(INFORMATION SHOWN)

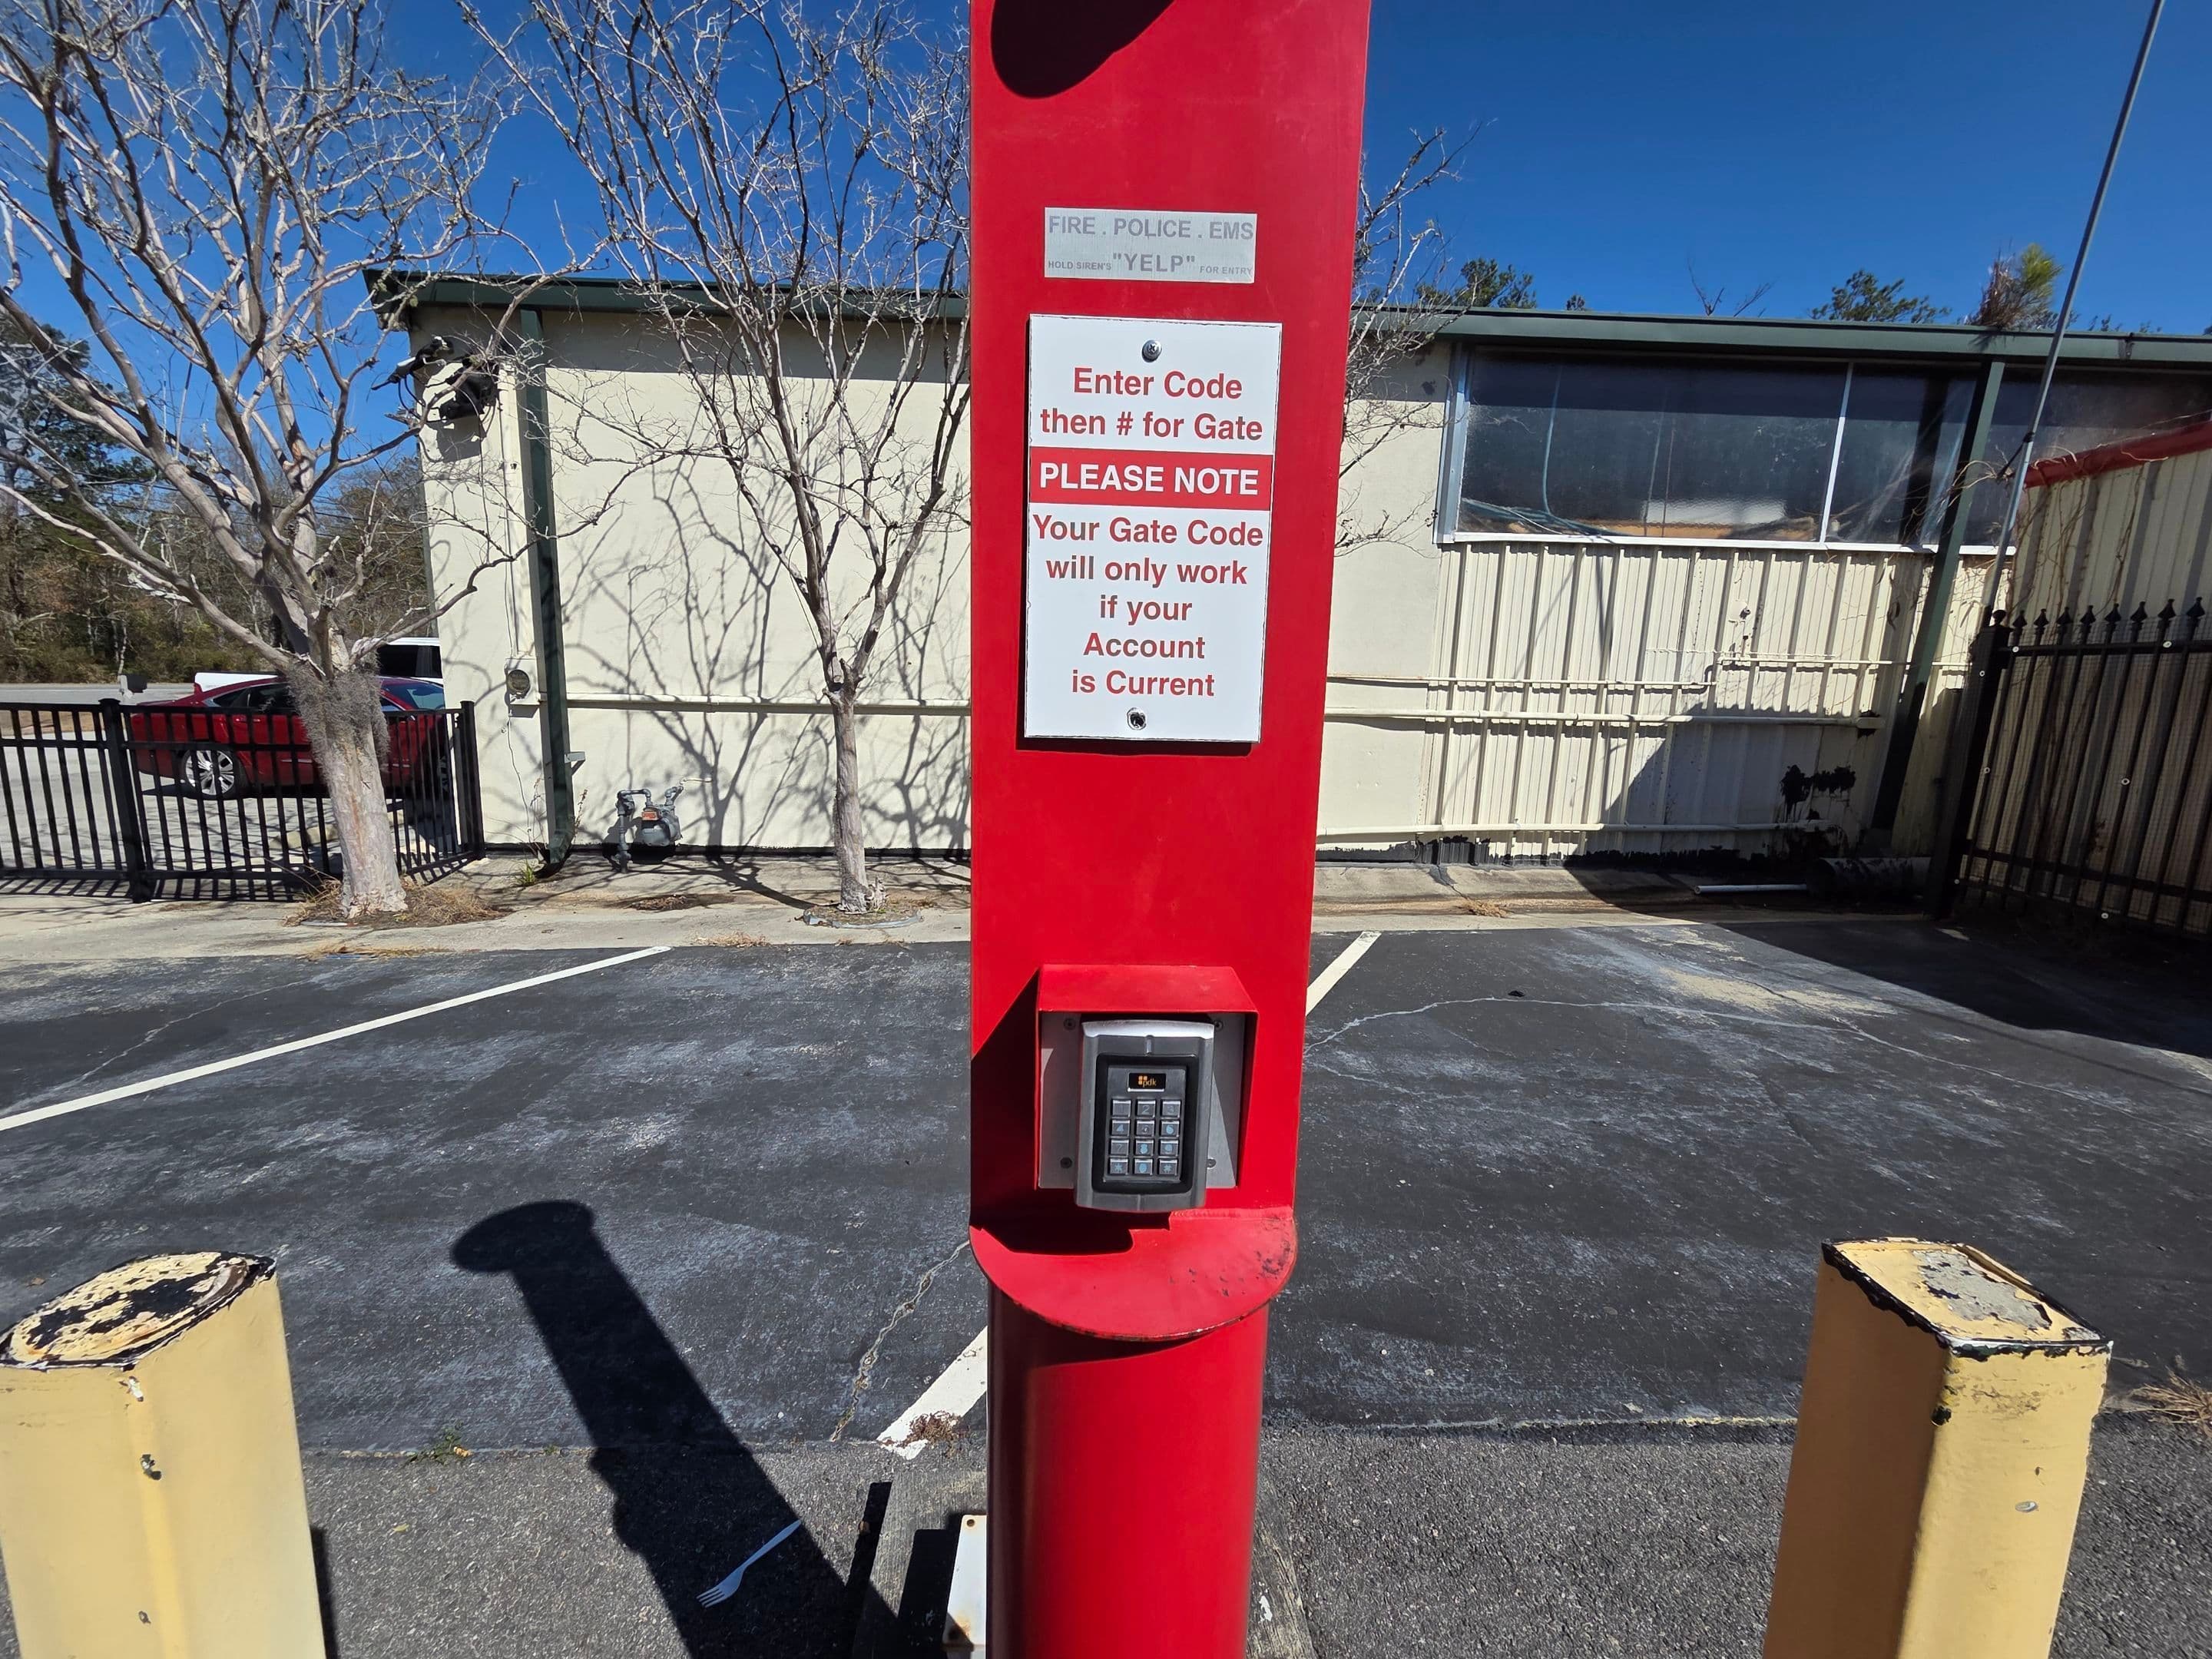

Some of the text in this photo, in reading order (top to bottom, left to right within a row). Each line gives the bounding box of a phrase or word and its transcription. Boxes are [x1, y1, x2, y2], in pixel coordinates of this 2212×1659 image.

[1048, 215, 1096, 235] FIRE
[1113, 217, 1191, 239] POLICE
[1209, 221, 1253, 240] EMS
[1048, 252, 1252, 275] HOLD SIREN'S "YELP" FOR ENTRY
[1074, 367, 1243, 399] Enter Code
[1040, 407, 1263, 440] then # for Gate
[1040, 462, 1259, 495] PLEASE NOTE
[1032, 514, 1263, 546] Your Gate Code
[1046, 555, 1248, 588] will only work
[1100, 594, 1193, 626] if your
[1083, 632, 1206, 659] Account
[1072, 669, 1215, 697] is Current
[1140, 1144, 1148, 1154] 8

(End INFORMATION SHOWN)

Repeat each entry exactly as it appears; skip any picture.

Some of the text in this photo, in reading order (top to bottom, left to right within a row). Each line gives the bounding box of a phrase or word and its transcription. Boxes are [x1, y1, x2, y2], in pixel coordinates of this 2212×1659 image.

[1048, 215, 1096, 235] FIRE
[1113, 217, 1191, 239] POLICE
[1209, 221, 1253, 240] EMS
[1048, 252, 1252, 275] HOLD SIREN'S "YELP" FOR ENTRY
[1074, 367, 1243, 399] Enter Code
[1040, 407, 1263, 440] then # for Gate
[1040, 462, 1259, 495] PLEASE NOTE
[1032, 514, 1263, 546] Your Gate Code
[1046, 555, 1248, 588] will only work
[1100, 594, 1193, 626] if your
[1083, 632, 1206, 659] Account
[1072, 669, 1215, 697] is Current
[1140, 1144, 1148, 1154] 8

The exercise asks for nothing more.